The animal species, in which individual struggle has been reduced to its narrowest limits, and the practice of mutual aid has attained the greatest development, are invariably the most numerous, the most prosperous, and the most open to further progress. ... The unsociable species, on the contrary, are doomed to decay.
He spent the rest of his life promoting that concept and the theory of social structure known as anarchism. To Americans anarchism is synonymous with a lack of order. But to Kropotkin anarchist societies don't lack order but the order emerges from rules designed by those who feel their impact, rules that encourage humanly scaled production systems and maximize individual freedom and social cohesion.
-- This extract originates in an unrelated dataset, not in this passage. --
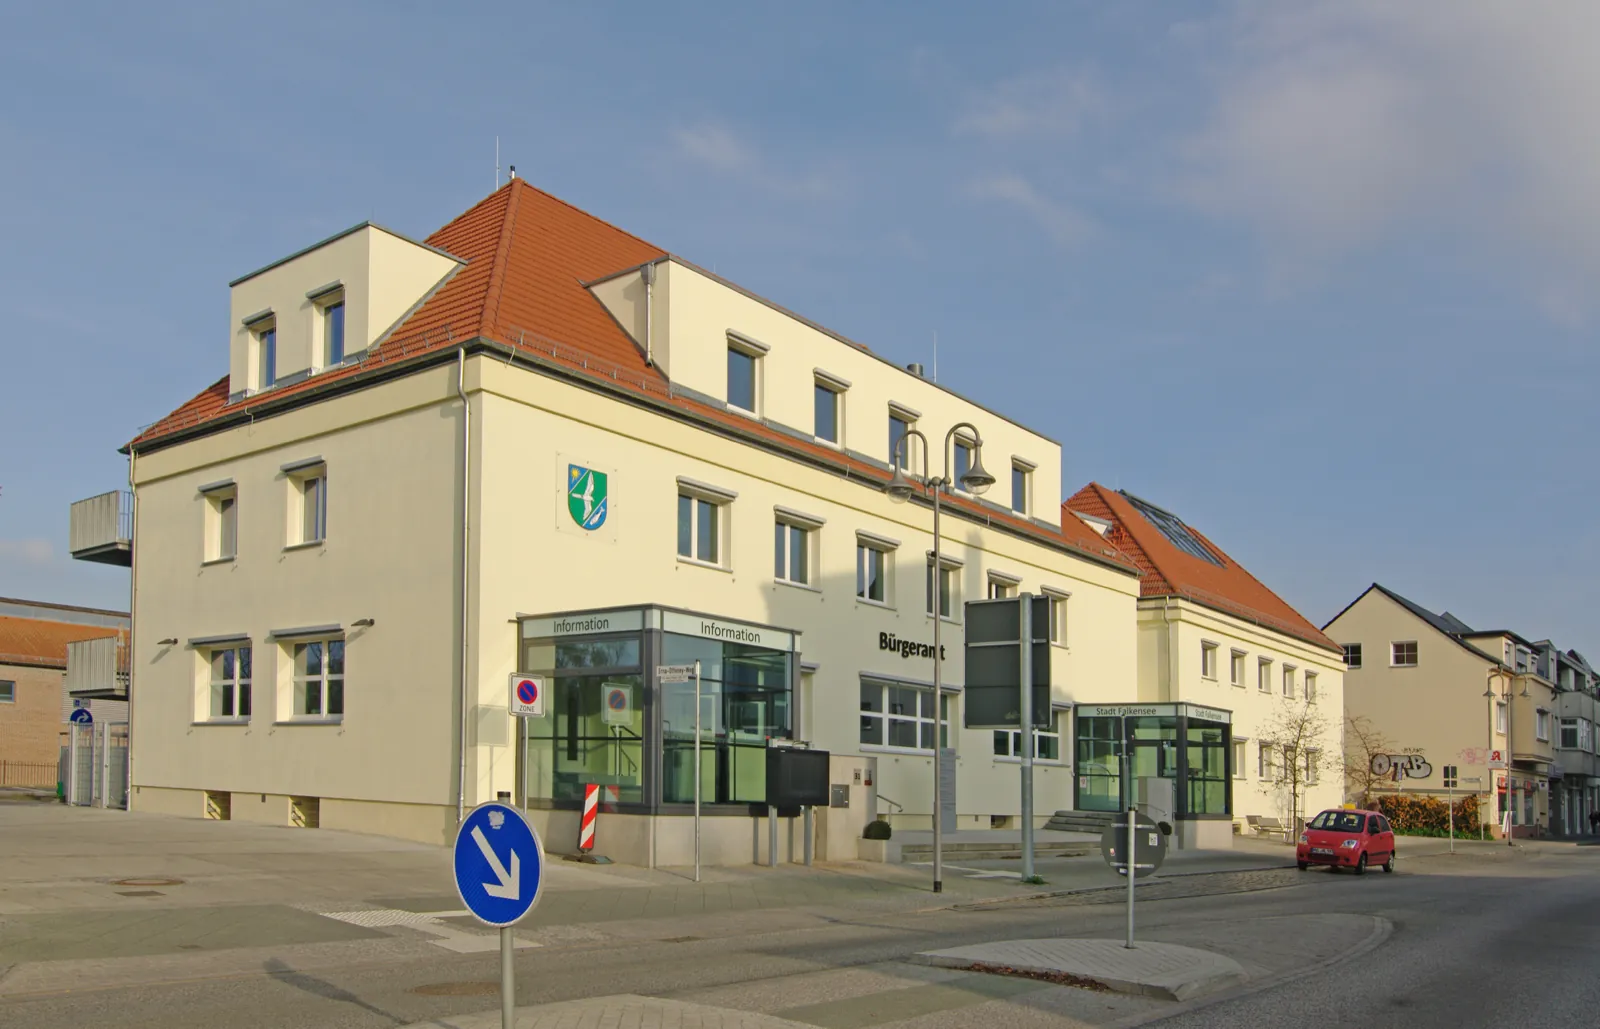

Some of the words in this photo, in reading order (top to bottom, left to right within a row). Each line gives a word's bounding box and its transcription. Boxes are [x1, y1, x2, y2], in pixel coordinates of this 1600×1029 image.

In his article on Anarchy in the 1910 Encyclopedia Britannica Kropotkin defines anarchism as a society "without government - harmony in such a society being obtained, not by submission to law, or by obedience to any authority, but by free agreements concluded between the various groups, territorial and professional, freely constituted for the sake of production and consumption..."
To Americans anarchism is synonymous with a lack of order. But to Kropotkin anarchist societies don't lack order but the order emerges from rules designed by those who feel their impact, rules that encourage humanly scaled production systems and maximize individual freedom and social cohesion.
Mutual Aid was published in 1902. With chapters on animal societies, tribes, medieval cities and modern societies, it makes the scientific case for cooperation. Readers in 2012 may find the chapter on medieval cities the most compelling.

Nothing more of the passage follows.